In particolare, il Politecnico di Milano ha ottenuto insieme all’Italia un ruolo di primo piano nella partecipazione a EXPO 2020 grazie alla sua forte presenza nella filiera italiana dello Spazio (accordi con ASI, con il Centro Italiano Ricerche Aerospaziali, con l’Agenzia Spaziale degli EAU e Mohammed bin Rashid Space Center), del Design (con Regione Lombardia, Camera di Commercio di Milano), dell’IoT, delle Smart Cities con attenzione alle nuove tecnologie abilitate dal 5G.

Il Politecnico porterà anche le esperienze maturate nei Cluster tecnologici Nazionali del MIUR (in particolare in quelli di Intelligent Factories; Green Chemistry; Surface and marine mobility; Aereospace, Smart communities technologies; life environment technology) che, attraverso l’aggregazione di imprese, Università, istituzioni pubbliche e private di ricerca e di soggetti attivi sul territorio nazionale nel campo dell’innovazione, si propone di contribuire alla competitività internazionale dei territori di riferimento e del sistema economico nazionale.

Il lavoro dell’Ateneo nell’ambito dell’accordo è già operativo.

Il Politecnico è infatti partner scientifico della prossima edizione della Design Competition, promosso da Regione Lombardia e Camera di Commercio di Milano, Monza Brianza Lodi, sul tema ‘Connecting Spaces’.

La competizione internazionale, realizzata in collaborazione con l’università di Sharjah (Emirati Arabi Uniti) permetterà a 20 giovani designers di vedere realizzato ed esposto a Dubai il proprio progetto innovativo sul tema “Connecting spaces”.

L’iniziativa ha lo scopo di promuovere il Design come eccellenza lombarda e nazionale attraverso l’attivazione di forme collaborative tra studenti che si avviano alla professione del designer, designer professionisti e imprese lombarde che intendono accrescere la propria competitività promuovendo la realizzazione di prototipi da esporre a Dubai.

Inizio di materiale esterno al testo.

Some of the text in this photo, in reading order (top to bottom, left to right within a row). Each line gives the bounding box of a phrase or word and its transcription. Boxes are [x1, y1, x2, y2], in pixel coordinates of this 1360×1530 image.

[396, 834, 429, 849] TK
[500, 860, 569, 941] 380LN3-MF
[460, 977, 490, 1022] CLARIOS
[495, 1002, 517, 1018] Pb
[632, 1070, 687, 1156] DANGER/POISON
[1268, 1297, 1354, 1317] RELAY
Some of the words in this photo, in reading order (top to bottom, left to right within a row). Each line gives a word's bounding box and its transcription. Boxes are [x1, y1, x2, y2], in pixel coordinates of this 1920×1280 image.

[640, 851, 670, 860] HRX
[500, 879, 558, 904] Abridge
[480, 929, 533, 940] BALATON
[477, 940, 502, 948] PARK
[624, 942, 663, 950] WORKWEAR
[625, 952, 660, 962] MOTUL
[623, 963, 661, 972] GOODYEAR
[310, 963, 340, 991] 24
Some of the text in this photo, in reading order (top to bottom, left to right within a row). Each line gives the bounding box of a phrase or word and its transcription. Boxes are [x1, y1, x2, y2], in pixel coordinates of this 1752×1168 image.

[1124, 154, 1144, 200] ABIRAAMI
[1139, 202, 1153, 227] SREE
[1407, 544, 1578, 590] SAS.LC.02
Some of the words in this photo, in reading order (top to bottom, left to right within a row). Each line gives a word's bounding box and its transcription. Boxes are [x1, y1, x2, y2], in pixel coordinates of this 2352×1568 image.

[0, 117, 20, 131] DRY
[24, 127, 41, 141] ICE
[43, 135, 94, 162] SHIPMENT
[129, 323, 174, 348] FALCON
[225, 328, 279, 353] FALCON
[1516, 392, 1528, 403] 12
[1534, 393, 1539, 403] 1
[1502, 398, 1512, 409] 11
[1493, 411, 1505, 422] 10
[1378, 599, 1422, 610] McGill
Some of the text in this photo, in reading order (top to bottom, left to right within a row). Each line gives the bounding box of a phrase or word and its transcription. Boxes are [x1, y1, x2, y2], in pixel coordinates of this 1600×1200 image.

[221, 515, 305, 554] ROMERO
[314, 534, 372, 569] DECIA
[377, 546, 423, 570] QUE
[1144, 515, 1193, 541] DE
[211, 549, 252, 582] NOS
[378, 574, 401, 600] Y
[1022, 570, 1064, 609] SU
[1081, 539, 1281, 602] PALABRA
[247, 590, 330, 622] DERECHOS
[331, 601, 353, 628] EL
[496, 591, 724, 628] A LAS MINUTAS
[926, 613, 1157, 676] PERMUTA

Sono già partite inoltre iniziative legate alle tecnologie innovative per l’overlay e la visitor experience nel sito di Expo 2020 Dubai. Il Politecnico ha organizzato diversi workshop didattici con la divisione Overlay per lo sviluppo di sistemi costruttivi innovativi, tra cui schermature stampate 3D, filiere per il riciclo della plastica e strutture temporanee leggere.